L’actionnariat salarié français en perte de vitesse
Le succès de l’actionnariat salarié ne se dément pas en Europe. Le capital des grandes entreprises européennes (99% de la capitalisation européenne) est détenu à 3,20% par ses salariés (6% en France), contre 2,48% en 2006, ce qui représente pas moins de 325 milliards d’euros, selon le recensement 2016 de la Fédération européenne de l’actionnariat salarié (FEAS).
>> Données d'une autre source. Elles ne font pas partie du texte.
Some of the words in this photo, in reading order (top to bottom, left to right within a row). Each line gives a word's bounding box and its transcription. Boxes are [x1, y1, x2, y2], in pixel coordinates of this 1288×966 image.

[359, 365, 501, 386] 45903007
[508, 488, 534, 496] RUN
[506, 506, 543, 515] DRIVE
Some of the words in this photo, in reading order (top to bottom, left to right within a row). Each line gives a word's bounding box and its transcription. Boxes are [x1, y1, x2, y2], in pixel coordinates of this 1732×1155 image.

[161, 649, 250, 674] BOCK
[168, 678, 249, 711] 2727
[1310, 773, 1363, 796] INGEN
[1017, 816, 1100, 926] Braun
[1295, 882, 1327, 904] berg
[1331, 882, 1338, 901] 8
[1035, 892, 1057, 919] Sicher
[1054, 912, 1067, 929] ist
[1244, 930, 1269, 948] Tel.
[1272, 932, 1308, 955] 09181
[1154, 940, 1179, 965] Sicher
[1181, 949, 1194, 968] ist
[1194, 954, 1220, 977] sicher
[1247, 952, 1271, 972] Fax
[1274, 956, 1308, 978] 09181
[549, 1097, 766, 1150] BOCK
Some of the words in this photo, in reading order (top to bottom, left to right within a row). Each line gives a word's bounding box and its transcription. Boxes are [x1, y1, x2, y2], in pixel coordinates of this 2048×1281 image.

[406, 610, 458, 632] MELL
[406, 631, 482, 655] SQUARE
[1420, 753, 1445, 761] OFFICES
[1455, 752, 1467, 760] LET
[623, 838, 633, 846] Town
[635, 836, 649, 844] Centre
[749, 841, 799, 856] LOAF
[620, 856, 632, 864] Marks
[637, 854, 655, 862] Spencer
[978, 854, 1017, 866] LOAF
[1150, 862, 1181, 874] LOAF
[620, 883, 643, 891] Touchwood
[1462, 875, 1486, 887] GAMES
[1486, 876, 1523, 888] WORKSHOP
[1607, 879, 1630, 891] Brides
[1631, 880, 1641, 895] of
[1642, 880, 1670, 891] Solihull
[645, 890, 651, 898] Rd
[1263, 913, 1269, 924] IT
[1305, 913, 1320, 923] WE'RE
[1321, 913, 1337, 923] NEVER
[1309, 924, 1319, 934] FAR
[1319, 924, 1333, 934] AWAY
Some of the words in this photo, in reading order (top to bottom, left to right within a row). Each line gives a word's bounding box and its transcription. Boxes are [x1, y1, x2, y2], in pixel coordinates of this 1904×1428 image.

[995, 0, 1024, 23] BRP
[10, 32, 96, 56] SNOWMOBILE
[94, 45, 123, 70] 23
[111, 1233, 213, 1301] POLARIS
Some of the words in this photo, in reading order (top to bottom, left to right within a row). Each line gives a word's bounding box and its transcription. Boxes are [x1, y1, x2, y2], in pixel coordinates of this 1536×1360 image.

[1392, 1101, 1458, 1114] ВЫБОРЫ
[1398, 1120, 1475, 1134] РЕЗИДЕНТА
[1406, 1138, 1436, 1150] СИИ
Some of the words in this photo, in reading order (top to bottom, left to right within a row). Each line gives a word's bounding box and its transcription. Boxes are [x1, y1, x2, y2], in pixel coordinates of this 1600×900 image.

Depuis le point bas de 2009, la détention par personne a doublé et atteint 42.000 euros (23.000 euros en excluant les dirigeants exécutifs et 15,5 millions pour les exécutifs). Soit un recul de 11% par rapport au point haut de 47.000 euros atteint en 2015. En France, la quote-part est de 23.000 euros pour les salariés «ordinaires» et de 41 millions pour les dirigeants. Néanmoins, le poids des dirigeants dans la part de capital détenue par les salariés n’est que d’un tiers en France, contre 44% pour la moyenne européenne.
Rien de surprenant, puisque la France reste de loin, le premier acteur. Sur les 7,8 millions d’actionnaires salariés en Europe, 38% sont français. Néanmoins, leur nombre ne cesse de diminuer depuis 2013, conséquence notamment de l’alourdissement de la fiscalité.